Treatment of a congenital hypothyroidism
Treatment of a congenital hypothyroidism begins immediately with the moment of diagnosis and continues for life. Choice medicine – L-tiroksin. This means is a synthetic analog of hormones of a thyroid gland and is used as replacement therapy. The dosage is selected individually. If necessary medicine can be mixed with breast milk. Efficiency of the carried-out treatment is estimated on the TTG and T4 level at blood, to disappearance of symptoms of a hypothyroidism. If necessary polyvitaminic complexes, symptomatic medicines are in addition appointed.
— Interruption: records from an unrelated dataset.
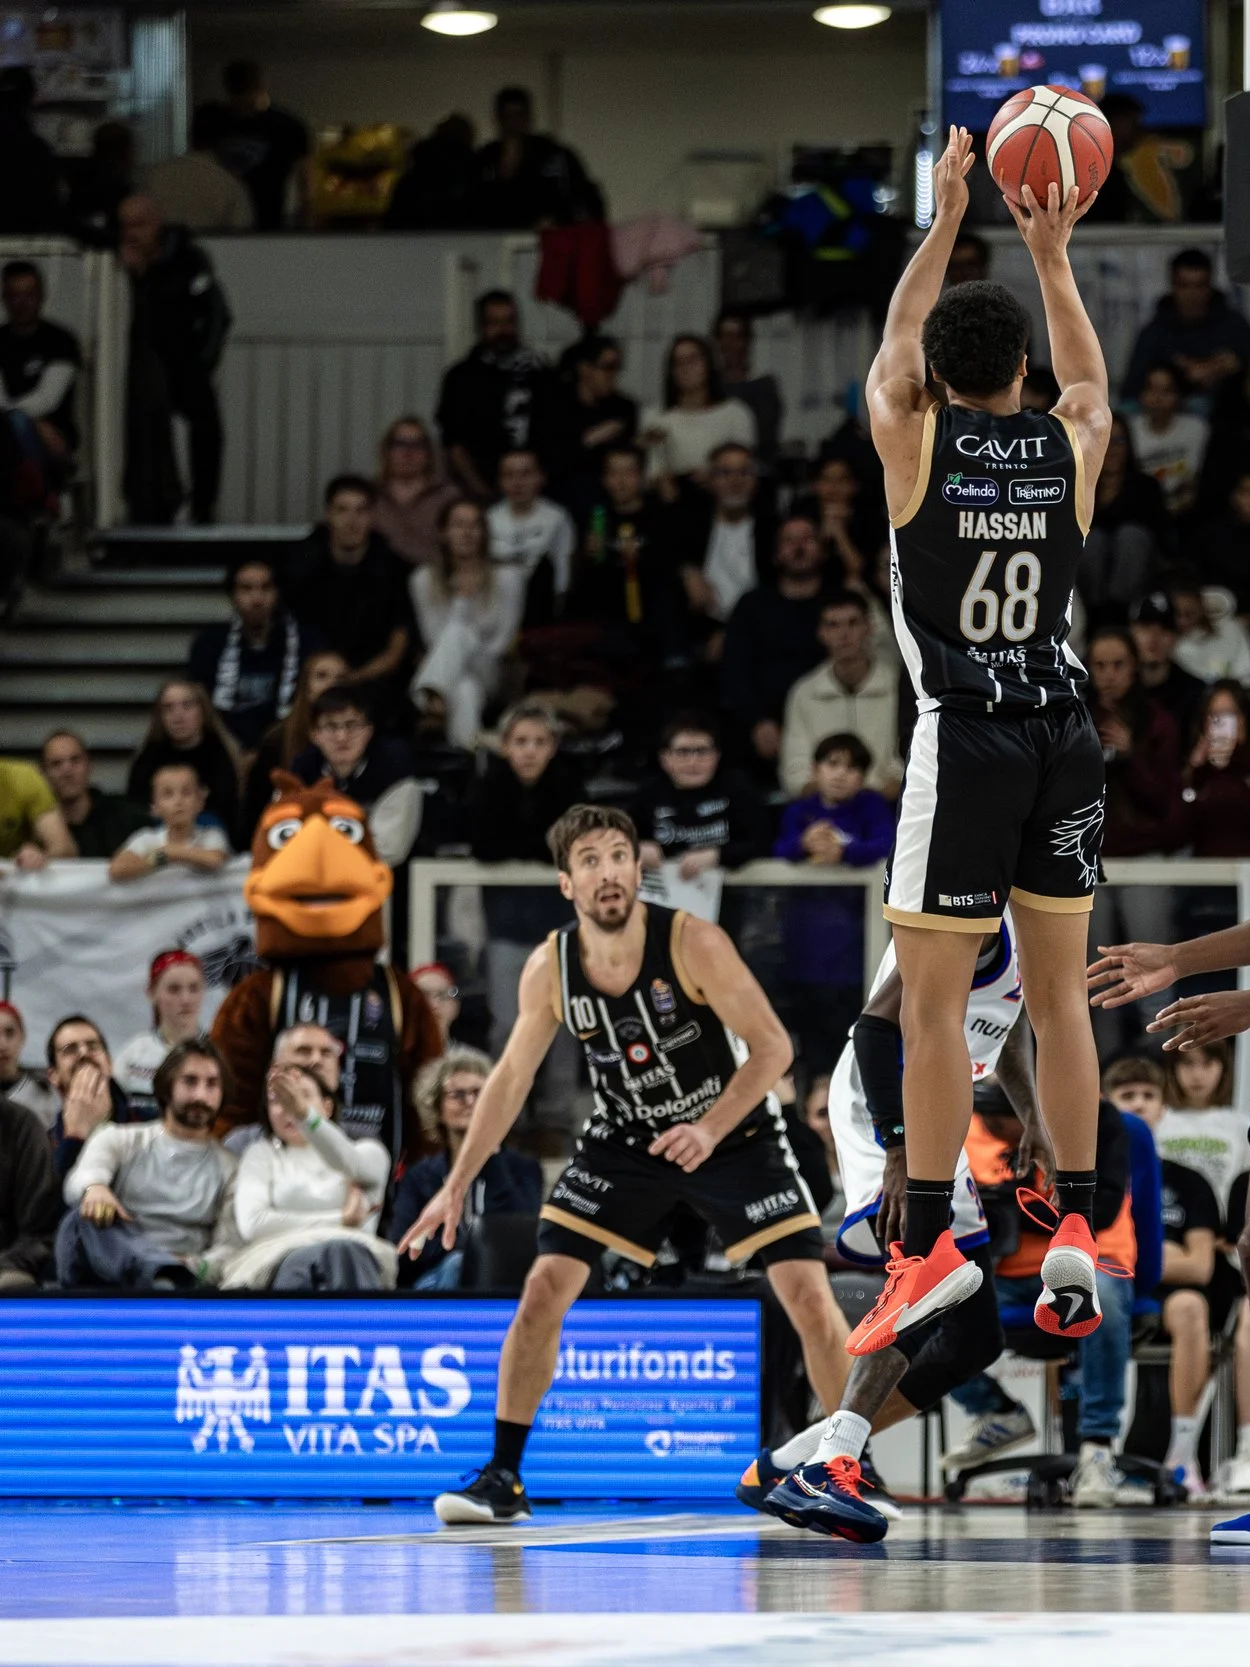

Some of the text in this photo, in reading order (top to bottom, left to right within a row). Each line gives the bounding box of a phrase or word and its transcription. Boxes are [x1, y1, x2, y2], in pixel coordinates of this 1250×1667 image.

[956, 434, 1048, 460] CAVIT
[985, 462, 1028, 470] TRENTO
[946, 483, 996, 497] Melinda
[1015, 486, 1060, 499] TRENTINO
[958, 511, 1047, 540] HASSAN
[959, 551, 1041, 643] 68
[952, 894, 974, 906] BTS
[570, 995, 598, 1031] 10
[970, 1017, 1010, 1040] nut
[635, 1074, 722, 1120] Dolomiti
[763, 1188, 799, 1212] ITAS
[283, 1344, 472, 1418] ITAS
[283, 1422, 442, 1456] VITA SPA
The forecast at a congenital hypothyroidism depends on adequacy and timeliness of treatment. At early diagnostics and in time the begun therapy, normalization of the TTG and T4 level – the forecast for psychophysical development favorable. In the absence of treatment for the first 3-6 months of life the forecast doubtful even at the correct further therapeutic tactics. At adequate selection of a dose of medicines the speed of psychophysical development reaches physiological norm, however lag in intelligence remains. Prevention consists in antenatalny protection of a fruit, medico-genetic consultation when planning pregnancy, a rational diet and the adequate use of iodine at incubation of the child.